Osteopathy is a patient-centred treatment that focuses on the body's innate ability to heal itself. It is an approach to the human body based on the interrelated anatomy and physiology of the body's systems.
Osteopathy uses a manual therapy that is based on a highly developed sense of touch to stimulate the body's natural self-regulating and self-healing capabilities, by locating and correcting the root cause of the disorder.
The World Health Organization (WHO) recognizes Osteopathy as a distinct manual therapy that differs from other health care professions.
Manual Osteopathy is based on 4 basic principles:
Each structure in the body supports the body's functions. If a structure is damaged, out of place or otherwise not working properly, the body will not function at its best.
The natural flow of the body's fluids - lymphatic, vascular, and neurological - must be preserved and maintained.
The human body is the sum of its parts. Its physical, emotional, social, spiritual, and cognitive systems don't work independently, they work in harmony.
When the body has no restrictions, it has the inherent ability to heal itself.

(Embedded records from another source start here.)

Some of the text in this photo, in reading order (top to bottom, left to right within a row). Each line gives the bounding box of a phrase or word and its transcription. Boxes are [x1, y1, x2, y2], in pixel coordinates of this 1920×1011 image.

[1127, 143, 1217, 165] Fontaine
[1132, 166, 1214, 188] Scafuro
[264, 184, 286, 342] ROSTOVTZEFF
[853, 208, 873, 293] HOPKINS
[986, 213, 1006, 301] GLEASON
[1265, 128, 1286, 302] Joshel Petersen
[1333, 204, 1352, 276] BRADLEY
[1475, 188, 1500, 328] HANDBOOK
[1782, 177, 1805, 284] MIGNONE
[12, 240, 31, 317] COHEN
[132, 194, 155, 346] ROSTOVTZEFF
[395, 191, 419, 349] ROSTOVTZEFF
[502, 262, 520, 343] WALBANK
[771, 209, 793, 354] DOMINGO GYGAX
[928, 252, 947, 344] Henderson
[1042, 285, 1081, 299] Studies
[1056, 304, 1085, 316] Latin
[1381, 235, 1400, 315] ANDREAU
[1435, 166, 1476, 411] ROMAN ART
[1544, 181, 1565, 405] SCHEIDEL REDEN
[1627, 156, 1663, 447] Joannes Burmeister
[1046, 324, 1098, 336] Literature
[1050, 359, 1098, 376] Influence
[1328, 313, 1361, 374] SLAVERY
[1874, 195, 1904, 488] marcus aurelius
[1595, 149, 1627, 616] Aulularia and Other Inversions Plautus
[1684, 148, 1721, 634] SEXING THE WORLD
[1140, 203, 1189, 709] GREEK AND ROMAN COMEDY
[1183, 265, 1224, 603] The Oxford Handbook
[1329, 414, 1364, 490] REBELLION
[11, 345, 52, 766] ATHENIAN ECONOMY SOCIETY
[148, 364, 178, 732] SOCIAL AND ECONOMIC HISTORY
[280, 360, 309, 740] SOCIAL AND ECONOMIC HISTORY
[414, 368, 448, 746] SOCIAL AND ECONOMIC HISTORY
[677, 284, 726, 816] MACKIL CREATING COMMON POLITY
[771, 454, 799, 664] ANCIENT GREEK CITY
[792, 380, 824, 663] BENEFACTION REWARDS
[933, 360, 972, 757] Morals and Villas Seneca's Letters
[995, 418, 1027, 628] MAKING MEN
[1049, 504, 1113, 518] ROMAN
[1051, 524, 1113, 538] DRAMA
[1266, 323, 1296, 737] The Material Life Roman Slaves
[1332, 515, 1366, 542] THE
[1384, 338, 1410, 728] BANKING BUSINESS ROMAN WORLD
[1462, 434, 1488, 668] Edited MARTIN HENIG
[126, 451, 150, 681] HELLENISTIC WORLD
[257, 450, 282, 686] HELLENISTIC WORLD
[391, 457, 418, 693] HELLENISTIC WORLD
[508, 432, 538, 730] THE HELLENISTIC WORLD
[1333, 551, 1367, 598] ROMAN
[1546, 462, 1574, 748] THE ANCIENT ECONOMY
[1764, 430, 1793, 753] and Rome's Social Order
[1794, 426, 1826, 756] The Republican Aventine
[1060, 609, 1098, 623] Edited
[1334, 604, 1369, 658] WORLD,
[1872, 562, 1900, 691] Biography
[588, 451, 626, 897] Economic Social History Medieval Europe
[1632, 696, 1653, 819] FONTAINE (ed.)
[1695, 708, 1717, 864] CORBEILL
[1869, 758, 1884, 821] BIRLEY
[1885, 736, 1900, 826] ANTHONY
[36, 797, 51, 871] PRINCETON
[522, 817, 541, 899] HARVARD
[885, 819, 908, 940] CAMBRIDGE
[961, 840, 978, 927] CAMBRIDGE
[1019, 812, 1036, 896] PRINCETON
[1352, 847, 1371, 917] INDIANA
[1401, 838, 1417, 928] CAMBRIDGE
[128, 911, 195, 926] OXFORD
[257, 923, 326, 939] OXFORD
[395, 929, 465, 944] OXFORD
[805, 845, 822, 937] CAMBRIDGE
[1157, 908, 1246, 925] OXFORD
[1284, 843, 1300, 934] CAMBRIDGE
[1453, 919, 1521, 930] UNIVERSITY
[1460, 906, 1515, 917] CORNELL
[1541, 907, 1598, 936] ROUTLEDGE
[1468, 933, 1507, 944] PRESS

Osteopathy recognizes that a person is an integrated whole. When all the body's components are in balance, a person is complete and can achieve optimal health.
The History of Osteopathy
Dr. Andrew Taylor Still, an American physician, began deveoping the philosophy, the methodology and the application of osteopathy in 1874. He found that the body's inherent ability to recove from illness and injury was greatly improved with osteopathy. His principles of treatment were based on drugless manual techniques. In the many years since, Osteopaths and Osteopathic students have been continuing research into the mechanisms of manual Osteopathy.

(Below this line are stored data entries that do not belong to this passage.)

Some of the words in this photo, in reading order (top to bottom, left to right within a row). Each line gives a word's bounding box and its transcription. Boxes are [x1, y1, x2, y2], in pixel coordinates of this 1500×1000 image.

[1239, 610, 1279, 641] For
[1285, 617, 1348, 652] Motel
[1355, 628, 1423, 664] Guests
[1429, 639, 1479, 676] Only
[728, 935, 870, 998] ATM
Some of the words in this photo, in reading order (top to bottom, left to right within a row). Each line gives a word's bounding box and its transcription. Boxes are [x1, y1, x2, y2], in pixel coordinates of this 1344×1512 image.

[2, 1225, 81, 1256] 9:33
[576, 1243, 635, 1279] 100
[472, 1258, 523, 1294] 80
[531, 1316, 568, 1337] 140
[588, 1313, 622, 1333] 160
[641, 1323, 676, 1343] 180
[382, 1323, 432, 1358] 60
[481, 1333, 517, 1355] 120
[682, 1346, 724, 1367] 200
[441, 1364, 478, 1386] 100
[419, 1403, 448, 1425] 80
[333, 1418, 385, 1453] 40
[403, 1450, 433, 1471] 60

Osteopathic Education in Ontario
To attain the Diploma in Osteopathic Manual Practice (DOMP) credentials in Ontario, osteopathic manual practitioners must complete a five year part-time program and a thesis in the two years following their comprehensive final exams. The curriculum of this program must also meet the World Osteopathic Health Organization (WOHO) standards.
Rishi is a graduate of the Canadian College of Osteopathy (CCO) and is currently in his second year of the thesis process, researching the historical perspective of osteopathic management of mental illness.

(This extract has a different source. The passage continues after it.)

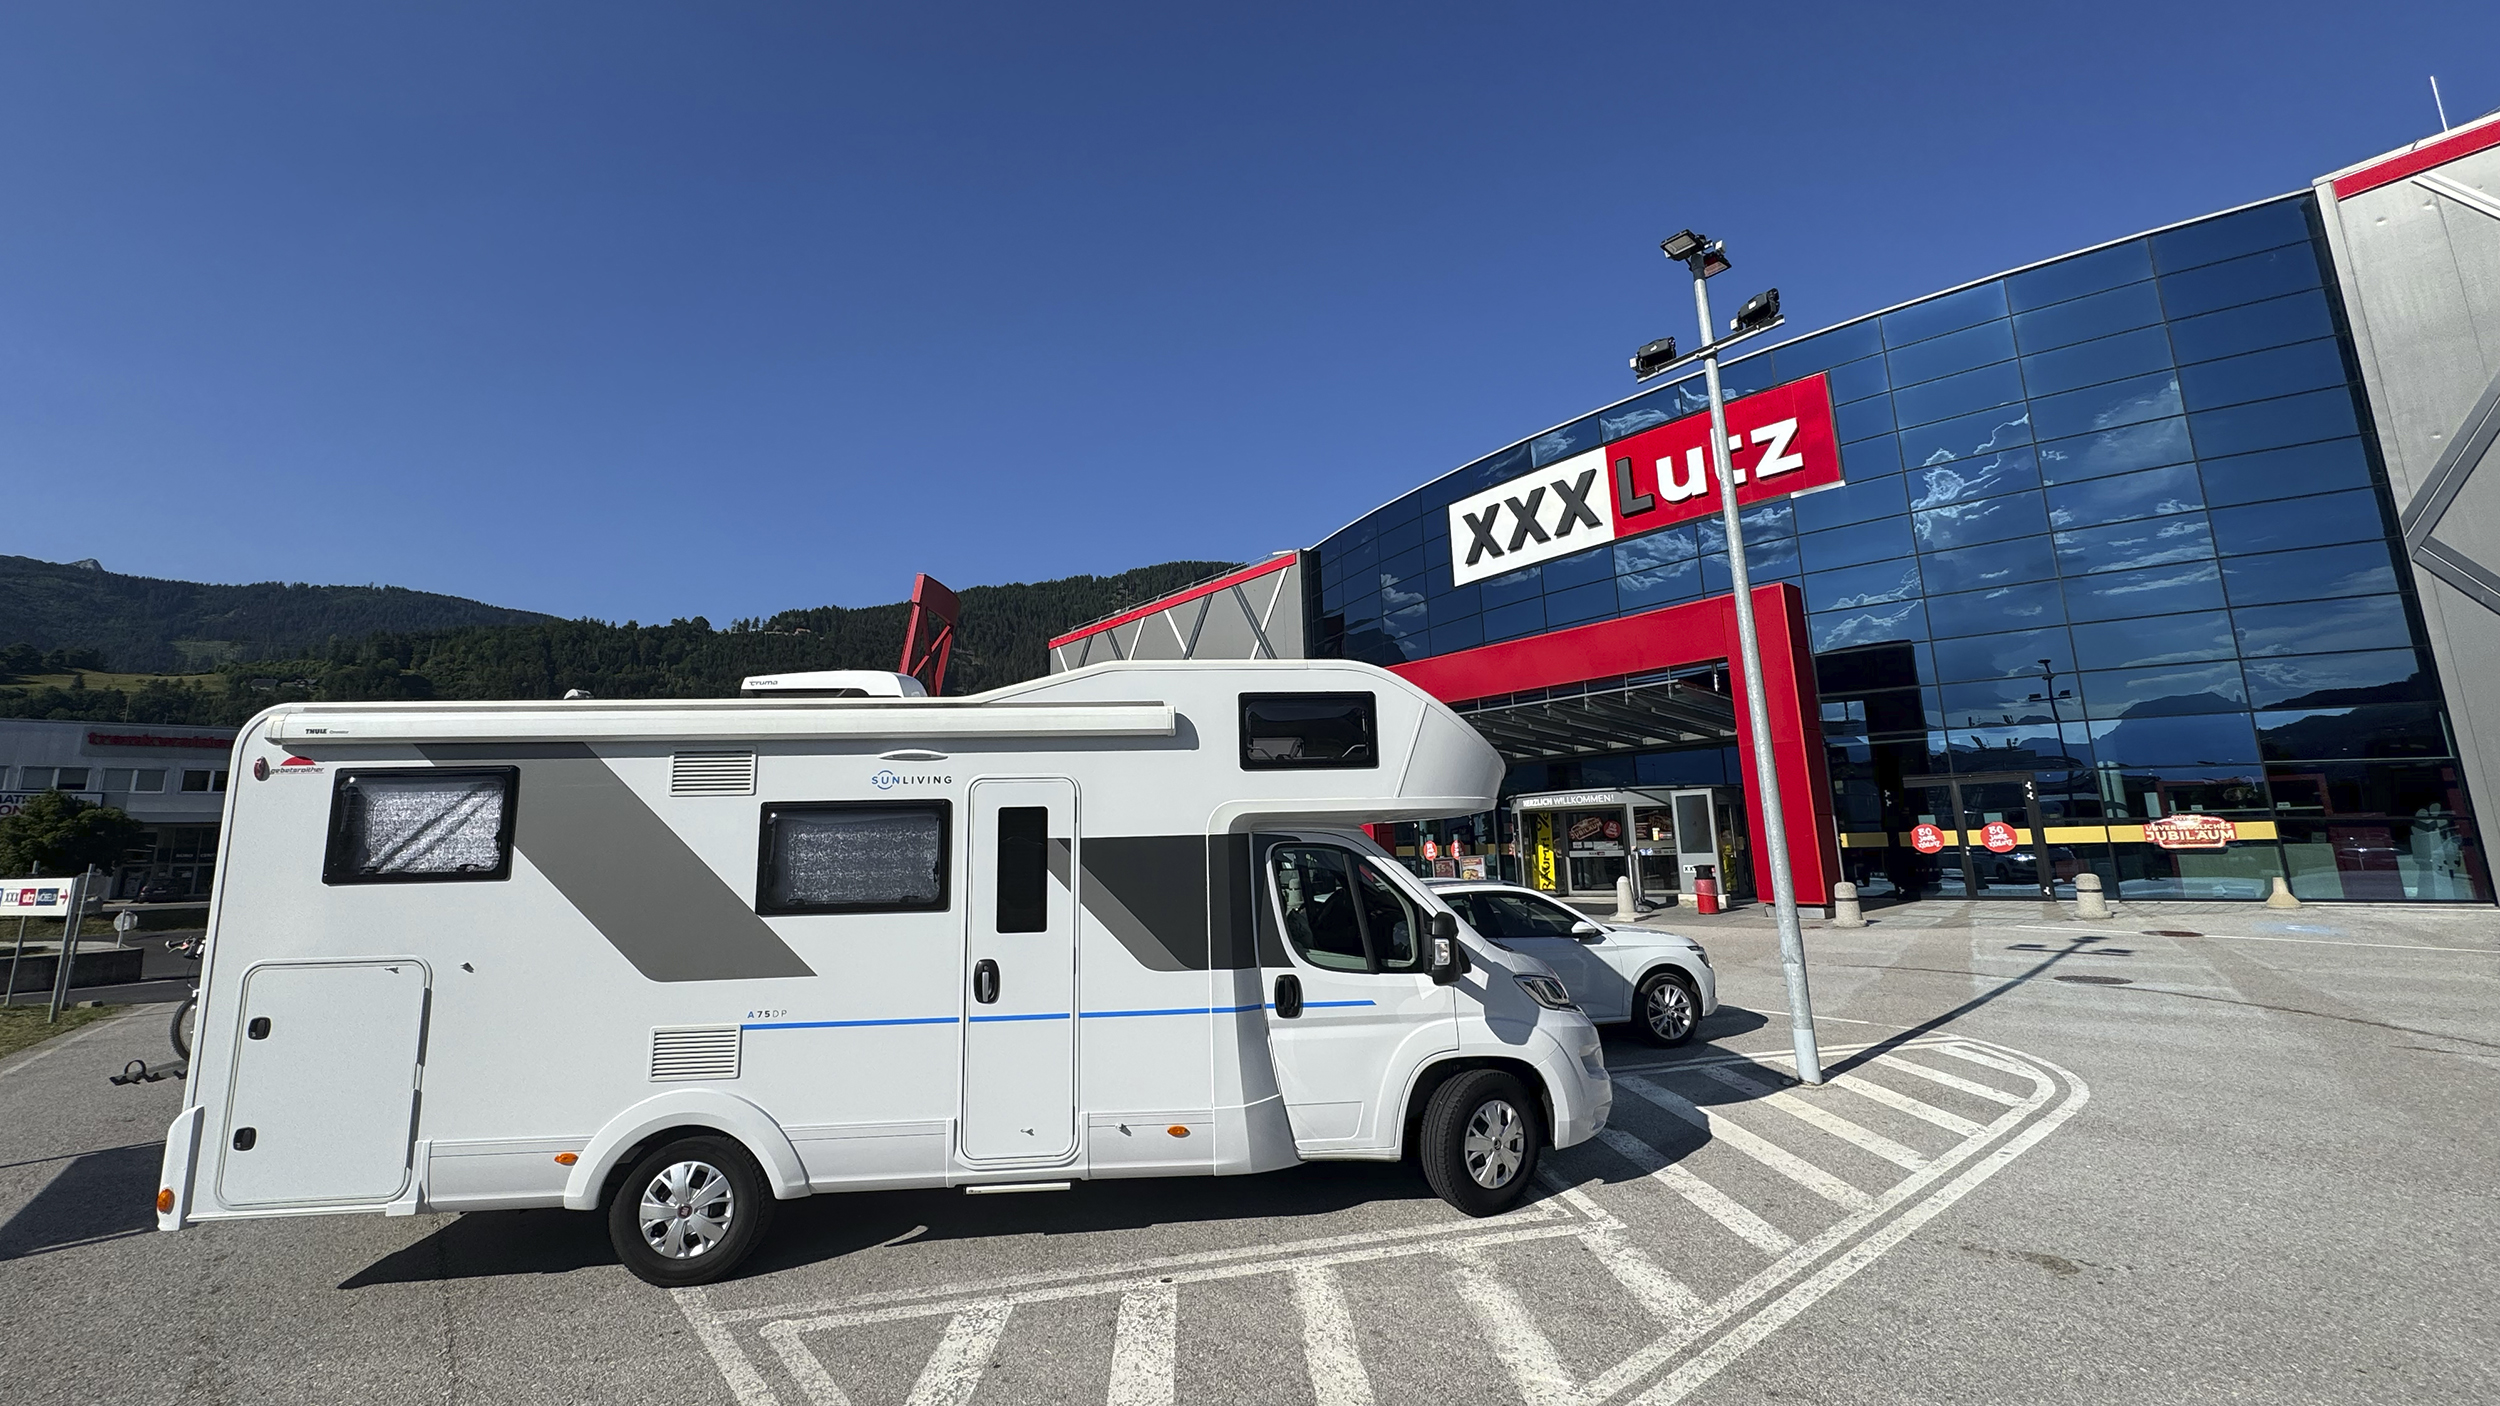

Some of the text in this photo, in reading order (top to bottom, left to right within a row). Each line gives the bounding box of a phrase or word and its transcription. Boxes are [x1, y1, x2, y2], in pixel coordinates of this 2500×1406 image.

Who benefits from Osteopathy?
Acute and Chronic back, neck, and pelvic pain
TMJ / jaw problems
Soft tissue / Musculoskeletal injuries
Joint dysfunction and arthritic pain
Difficult digestion, acid reflux, constipation
Pregnancy discomfort, labour preparation and post-natal care
As well as
Newborns, Infants, and Toddler
Individuals with physical/mental challenges
In Ontario osteopathic manual practice is different from an osteopathic physician. An osteopathic physican is trained in a US medical school and practices medicine.